Knowing that everyone is different, can be a big help. Some people can quit with no help at all. Most of the time, if you are detoxing you will find you need a little help. Vitamins, nausea medications and over the counter pain medication can help to manage your symptoms. Counseling and physical therapy are good outlets to help you to deal with the emotional and physical problems that occur. Staying active can help to release all of that excess energy you may have, as well as helping to hasten the detox process. Make no mistake, it will take a while. Relearning how to live without drugs is a process, but it can be accomplished with time, patience and a lot of help and perhaps… suboxone withdrawal treatment could be right for you.

2 Comments

  1. eMarieg says:

    Suboxone was a miracle for me…. for a while anyway. I have been an opiate addict since I was 18 years old following a car accident that almost killed me. I didn’t realize it then but the zest I lost for the life I was living went when the prescriptions for my very legitimate pain ended. A few years later following yet another devastating accident though the connection was easily made. Here was this little pill…… so innocuous…. that alleviated my pain and made the world seem brighter again, and, best of all it was prescribed by a doctor, so it had to be okay. And they were, but I wasn’t.
    Over the next 15 years my addiction escalated slowly but steadily out of control. After finding heroin and feeling my addiction as well as the physical sickness go just out of control I started suboxone.
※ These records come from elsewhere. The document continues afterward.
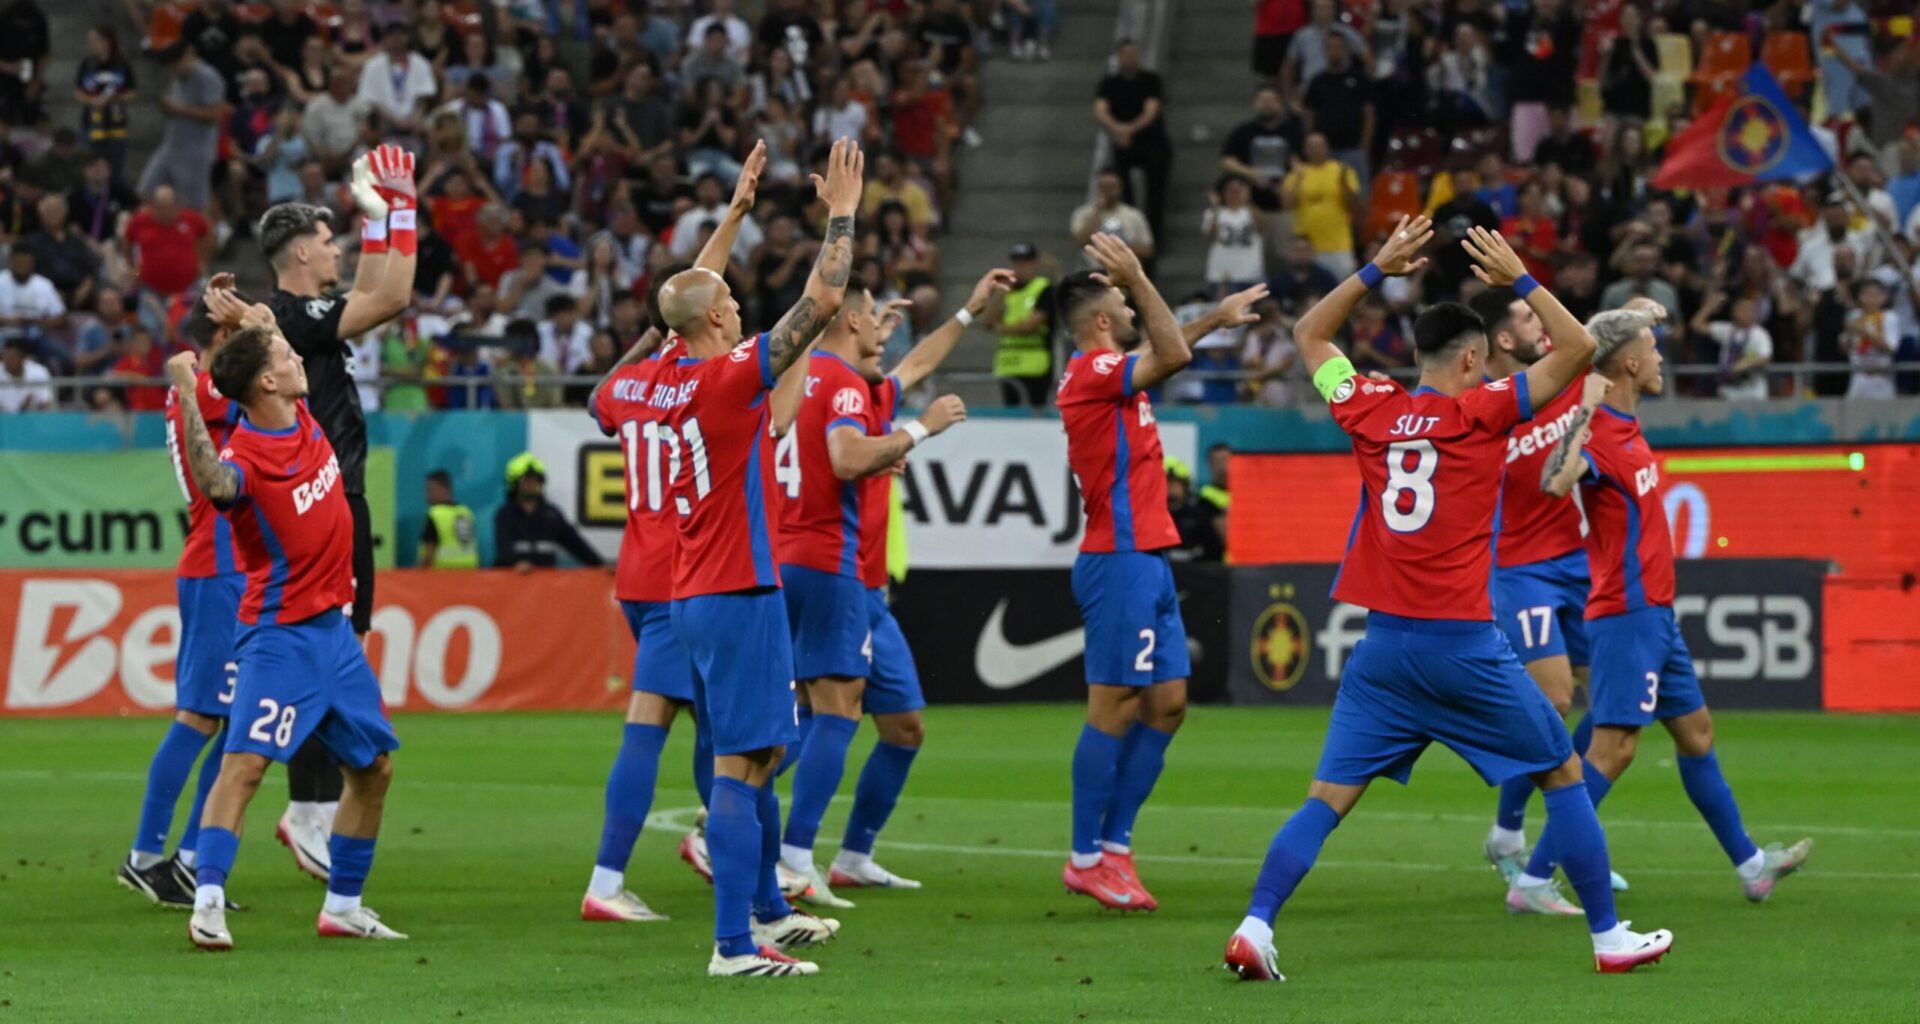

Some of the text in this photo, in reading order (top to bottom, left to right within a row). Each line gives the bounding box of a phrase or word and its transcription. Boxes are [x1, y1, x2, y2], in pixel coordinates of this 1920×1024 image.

[1389, 414, 1440, 436] SUT
[1381, 438, 1440, 532] 8
[18, 510, 163, 554] cum
[1516, 606, 1552, 649] 17
[1133, 628, 1156, 672] 2
[1639, 671, 1659, 713] 3
[248, 698, 297, 749] 28
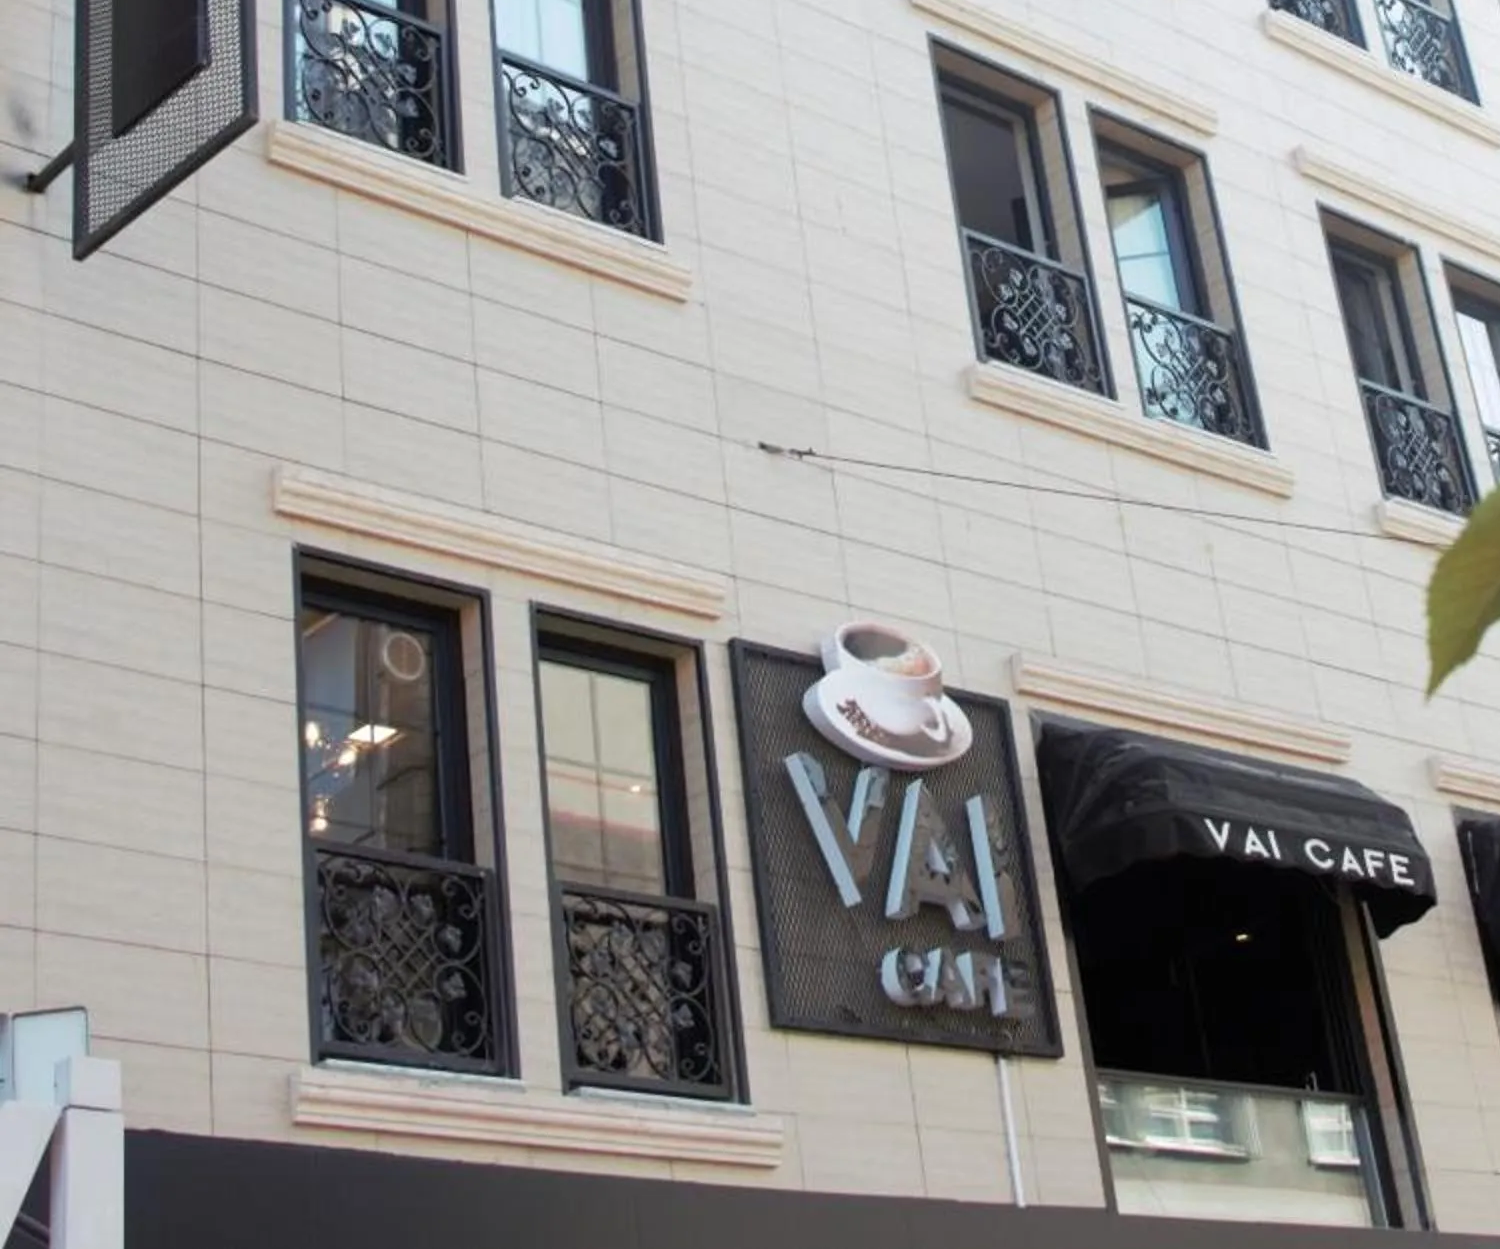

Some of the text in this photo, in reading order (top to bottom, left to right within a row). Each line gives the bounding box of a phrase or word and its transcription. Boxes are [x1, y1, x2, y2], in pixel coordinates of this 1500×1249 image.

[784, 752, 1020, 941] VAI
[1203, 817, 1415, 886] VAI CAFE
After being an opiate addict for so long… 18 years now… I didn’t expect stopping would be possible but was hopeful with replacement therapy. Now, I just want it gone. I have no energy. There is no pleasure in anything anymore. I feel as though I’m just going through the motions. L-tyrosine is helping but I still want the suboxone gone. There is a complication though. I have RA and am in a great deal of physical pain most of the time. Suboxone isn’t great at controlling pain but it does help it to be bearable. I’ve tried many herbal therapies and had some success with devil’s claw. Are there other options for people in my situation? I mean what’s next? How do I beat this and not be miserable?
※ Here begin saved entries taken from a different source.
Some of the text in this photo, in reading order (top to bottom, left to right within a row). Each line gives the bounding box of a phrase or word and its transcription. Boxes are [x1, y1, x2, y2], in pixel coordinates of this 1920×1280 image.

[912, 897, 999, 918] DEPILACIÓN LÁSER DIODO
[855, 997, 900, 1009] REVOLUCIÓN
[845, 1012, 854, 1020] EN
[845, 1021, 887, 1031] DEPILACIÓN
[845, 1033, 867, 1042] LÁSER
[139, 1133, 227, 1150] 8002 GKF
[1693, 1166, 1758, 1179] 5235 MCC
  2. 1500 attempts beats giving in anyday says:

    Hi Reilly

    I tell ya it sure would have been nice if I had come across your awesome super informative site many years ago-but such as life atleast I am here now. AnywaysI too spent something like 15+years using heroin then I came across Suboxone , gung ho and acting out of desperation to get off the d I jumped on the ‘boxone bandwagon. I really wish I would have done alot more research into it and the Dr. I was going to see. I have been on Sub 8’s now for about 3years, and I really wish I had known how depressed, and a total ignorant bitch they slowly can make you, I too have noticed my attitude change big time , the anxiety and depression its brought on is insane thank goodness I am not suicidal. I”ve noticed thou they have given me freedom from being on the d to start to function like a regular nonaddicted member of society, they have turned me callused and into a zombified state where I don’t get happy or excited about things that used to make me happy and excited. My lust and zest for life feals like it has been blanketed by a large heavy toxic sludge.
    Recently my boyfriend found out about this stuff called Silver Colliod and how its healing effects. I tried it out. I had no idea how miraculous this stuff really is!!! I was to the point that iwas fealling sluggish and like crap less than 18hrs after taking my suboxone most of the time. If I was to miss a day the next morning and throughout the dayi was in a blah unmotivated state. Right from the first day I drank some of this colloial silver stuff it was like I was myself again within a couple hours I was all of a sudden full of energy and super happy, the following day I did not even feal the need to get my suboxone at all. I am happy to say actually to shout out that I have had close to none of the withdrawl effects from quitting cold turkey the suboxone. A very minimal amount of restless legs at night but I can sleep all night and theres been no hot and cold sweats at all either. This stuff has been a miracle for getting off the suboxone.